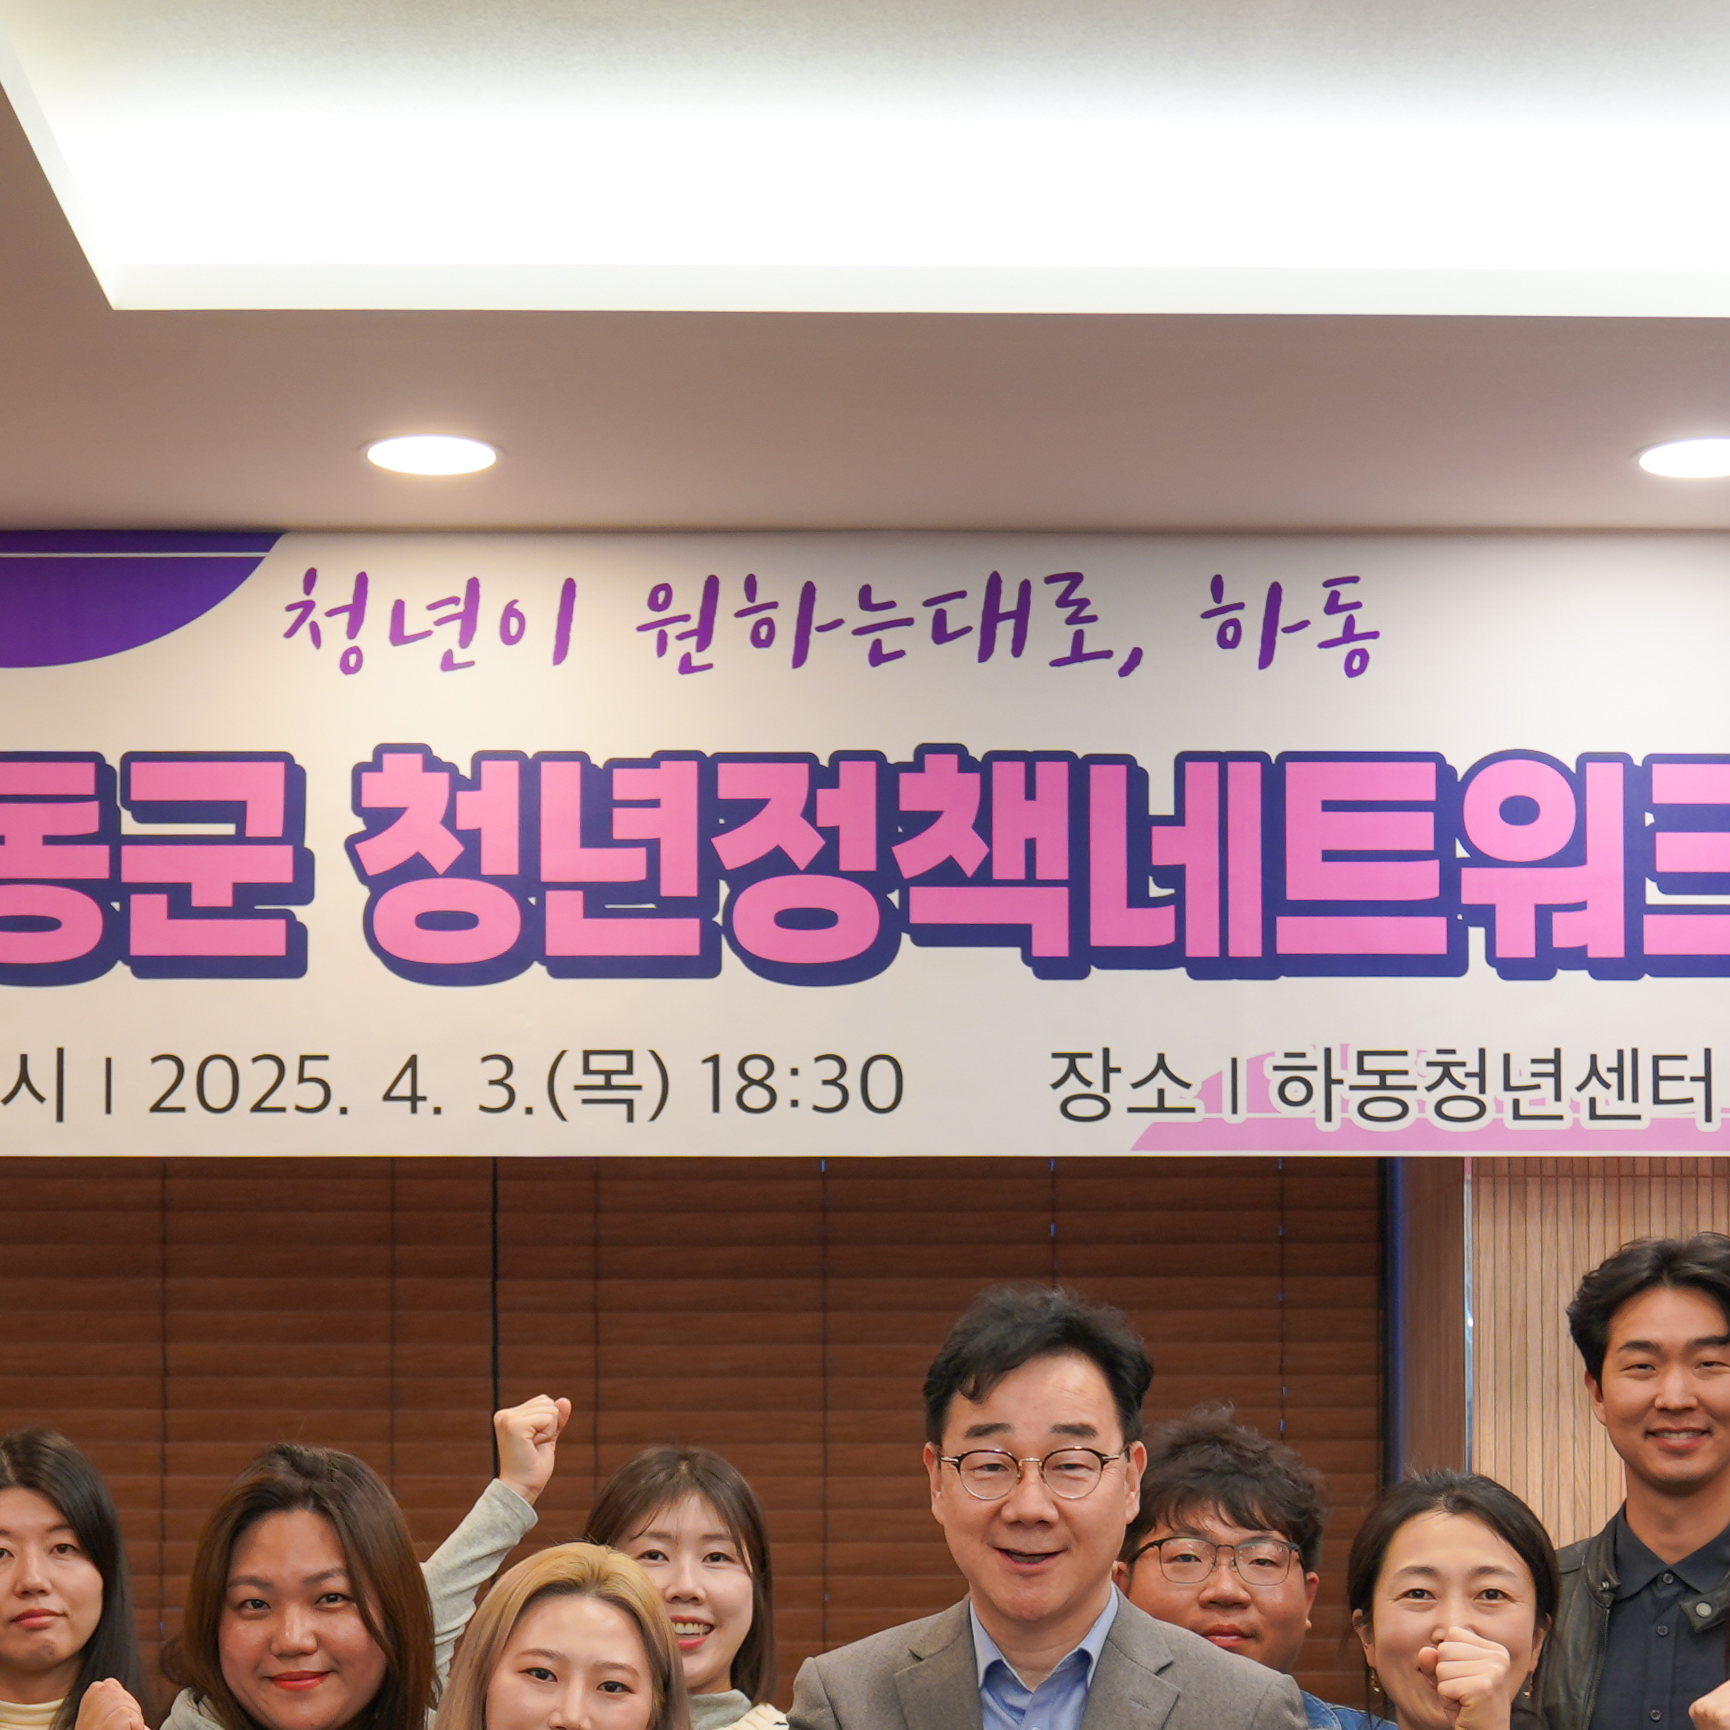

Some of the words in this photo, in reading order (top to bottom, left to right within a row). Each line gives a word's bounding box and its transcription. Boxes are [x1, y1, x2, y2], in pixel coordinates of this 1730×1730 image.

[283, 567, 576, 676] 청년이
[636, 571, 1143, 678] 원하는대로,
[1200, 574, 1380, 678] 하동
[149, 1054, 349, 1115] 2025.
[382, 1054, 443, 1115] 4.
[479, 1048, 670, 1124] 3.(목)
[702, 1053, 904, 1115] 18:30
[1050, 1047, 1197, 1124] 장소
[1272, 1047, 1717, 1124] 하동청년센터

------------------------------------------------

### Directions for this task
Print the material above exactly, skipping its images.

### Answer to this task
Some of the words in this photo, in reading order (top to bottom, left to right within a row). Each line gives a word's bounding box and its transcription. Boxes are [x1, y1, x2, y2], in pixel coordinates of this 1730×1730 image.

[283, 567, 576, 676] 청년이
[636, 571, 1143, 678] 원하는대로,
[1200, 574, 1380, 678] 하동
[149, 1054, 349, 1115] 2025.
[382, 1054, 443, 1115] 4.
[479, 1048, 670, 1124] 3.(목)
[702, 1053, 904, 1115] 18:30
[1050, 1047, 1197, 1124] 장소
[1272, 1047, 1717, 1124] 하동청년센터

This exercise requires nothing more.